The decisive “question is whether ‘the evidence presents a sufficient disagreement to
require submission to a jury or whether it is so one-sided that one party must prevail as a matter
of law.’” Johnson v. Memphis Light Gas & Water Div., 777 F.3d 838, 843 (6th Cir. 2015)

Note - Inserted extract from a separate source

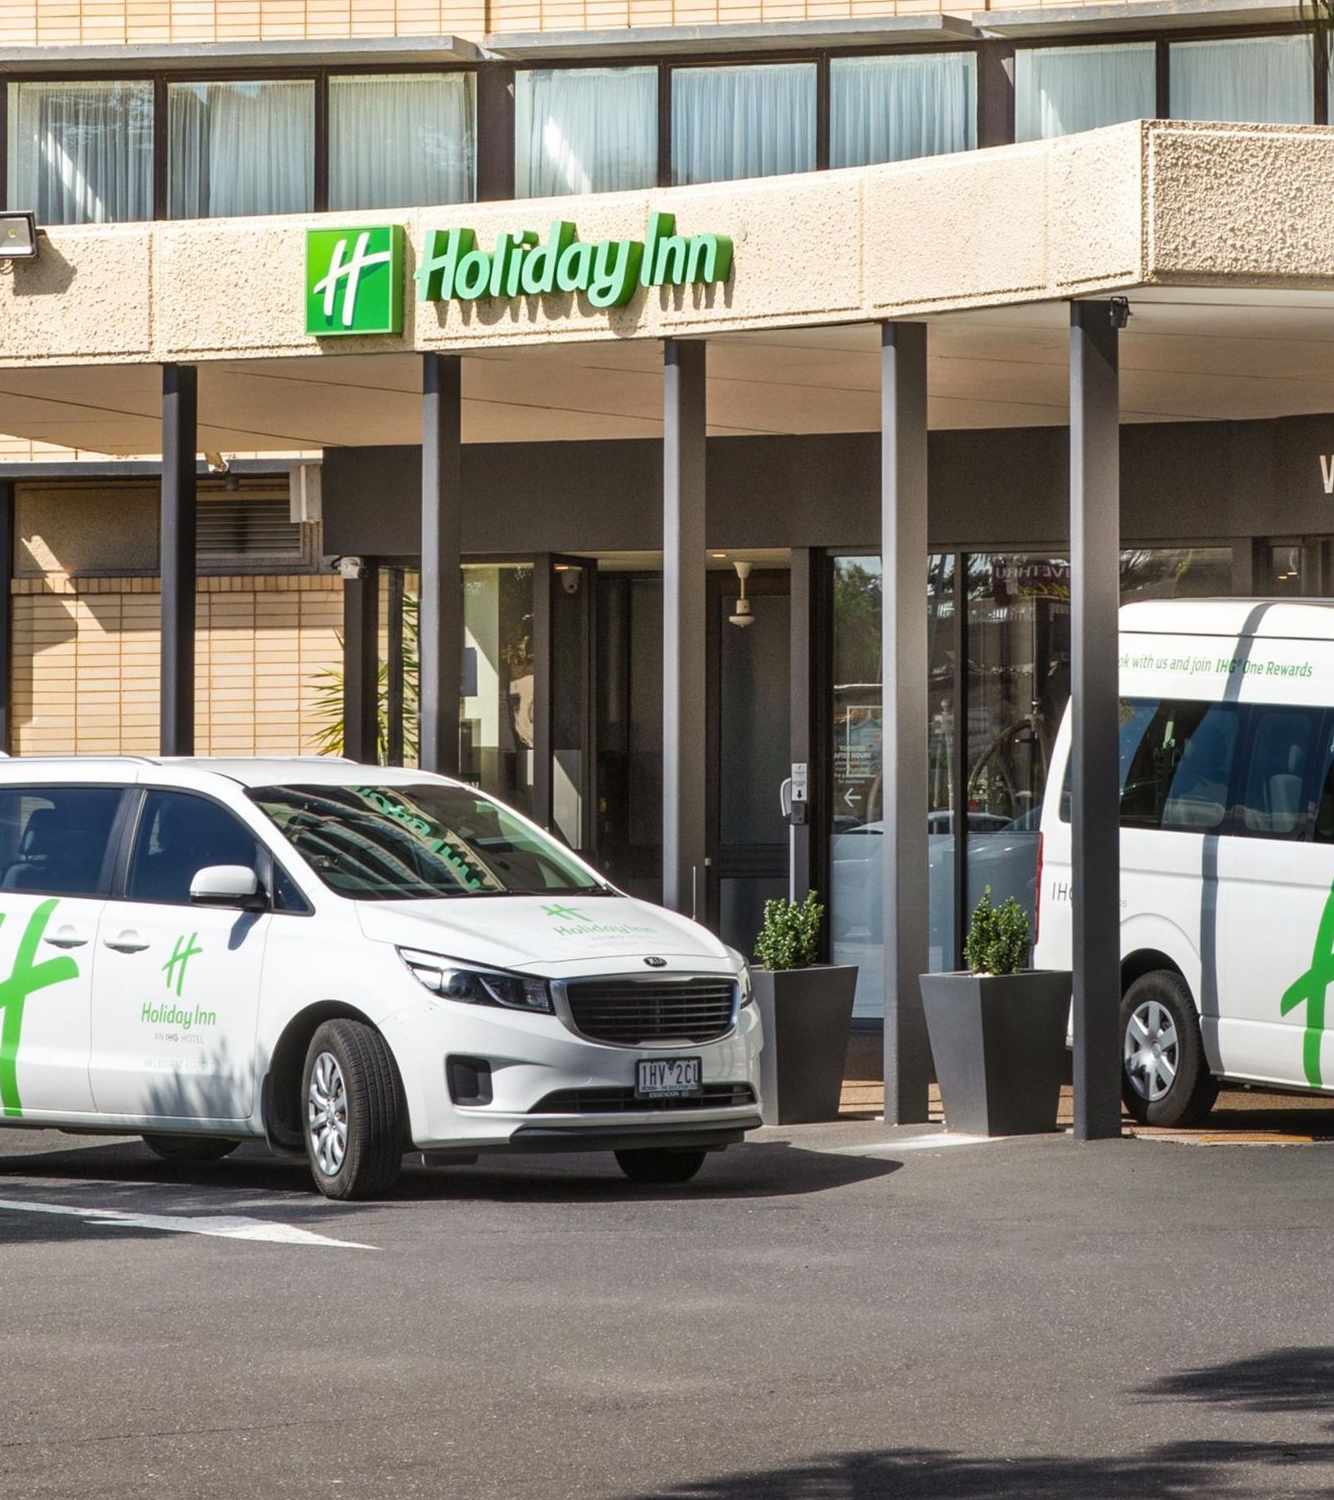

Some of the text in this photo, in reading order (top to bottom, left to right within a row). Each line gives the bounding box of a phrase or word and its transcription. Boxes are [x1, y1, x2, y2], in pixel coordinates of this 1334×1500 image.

(quoting Anderson, 477 U.S. at 251–52). Summary judgment “‘shall be entered’ against the
nonmoving party unless affidavits or other evidence ‘set forth specific facts showing that there
is a genuine issue for trial.’”
Rachells v. Cingular Wireless Emp. Servs., LLC, No.

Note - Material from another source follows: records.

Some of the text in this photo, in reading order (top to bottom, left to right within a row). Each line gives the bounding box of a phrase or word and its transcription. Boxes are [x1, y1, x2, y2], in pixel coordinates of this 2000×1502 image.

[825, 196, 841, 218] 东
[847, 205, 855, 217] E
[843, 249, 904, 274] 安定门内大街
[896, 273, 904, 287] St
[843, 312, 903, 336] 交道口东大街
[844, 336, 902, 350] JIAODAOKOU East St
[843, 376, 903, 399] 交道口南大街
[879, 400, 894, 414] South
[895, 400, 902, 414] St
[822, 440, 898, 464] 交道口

1:08CV02815, 2012 WL 3648835, at *2 (N.D. Ohio Aug. 23, 2012) (quoting Lujan v. Nat’l
Wildlife Fed’n, 497 U.S. 871, 888, 110 S.Ct. 3177, 3188, 111 L.Ed.2d 695 (1990)). “[A] mere
‘scintilla’ of evidence in support of the non-moving party’s position is insufficient to defeat
summary judgment; rather, the non-moving party must present evidence upon which a
reasonable jury could find in her favor.” Tingle v. Arbors at Hilliard, 692 F.3d 523, 529 (6th
Cir. 2012) (quoting Anderson, 477 U.S. at 251). “[I]n order to withstand a motion for summary
judgment, the party opposing the motion must present ‘affirmative evidence’ to support his/her
position.” Mitchell v. Toledo Hosp., 964 F.2d 577, 584 (6th Cir. 1992) (citing Anderson v.
Liberty Lobby, 106 S. Ct. 2505, 2510, 2514 (1986); Street v. J.C. Bradford & Co., 886 F.2d
1472, 1479 (6th Cir. 1989)). “[C]onclusory assertions, unsupported by specific facts made in
affidavits opposing a motion for summary judgment, are not sufficient to defeat a motion for
summary judgment.” Rachells, 2012 WL 3648835, at *2 (quoting Thomas v. Christ Hosp. and
Med. Ctr., 328 F.3d 890, 894 (7th Cir. 2003)). Statements contained in an affidavit that are
“nothing more than rumors, conclusory allegations and subjective beliefs” are insufficient.
Mitchell, 964 F.2d at 584–85.
ANALYSIS AS TO AVANOS’S MOTION
a. Waiver, Estoppel, Government Sales, and Implied License
Avanos seeks summary judgment on Medtronic’s asserted defenses of waiver, estoppel,
government sales, and implied license. (ECF No. 205-1 at PageID 7174.) Medtronic has
withdrawn these defenses. (ECF No. 218 at PageID 8848–49.) As a result, Avanos’s Motion
for Partial Summary Judgment with respect to these defenses is DENIED AS MOOT.
b. Unclean Hands
Avanos also seeks summary judgment on Medtronic’s defense of unclean hands because
Medtronic has failed to “show material facts necessary to support [it].” (ECF No. 205-1 at
PageID 7174.) Medtronic, however, asserts that the document Bates stamped AVNS-00424241
(“Compelled Probe Analysis Document”) “demonstrates that Avanos has knowingly made
statements . . . in support of its infringement claim that contradict Avanos’s pre-suit
investigation and knowledge.” (ECF No. 218 at PageID 8845.) Medtronic contends that this
is sufficient to create “a genuine issue of fact as to Medtronic’s defense of unclean hands.” (Id.)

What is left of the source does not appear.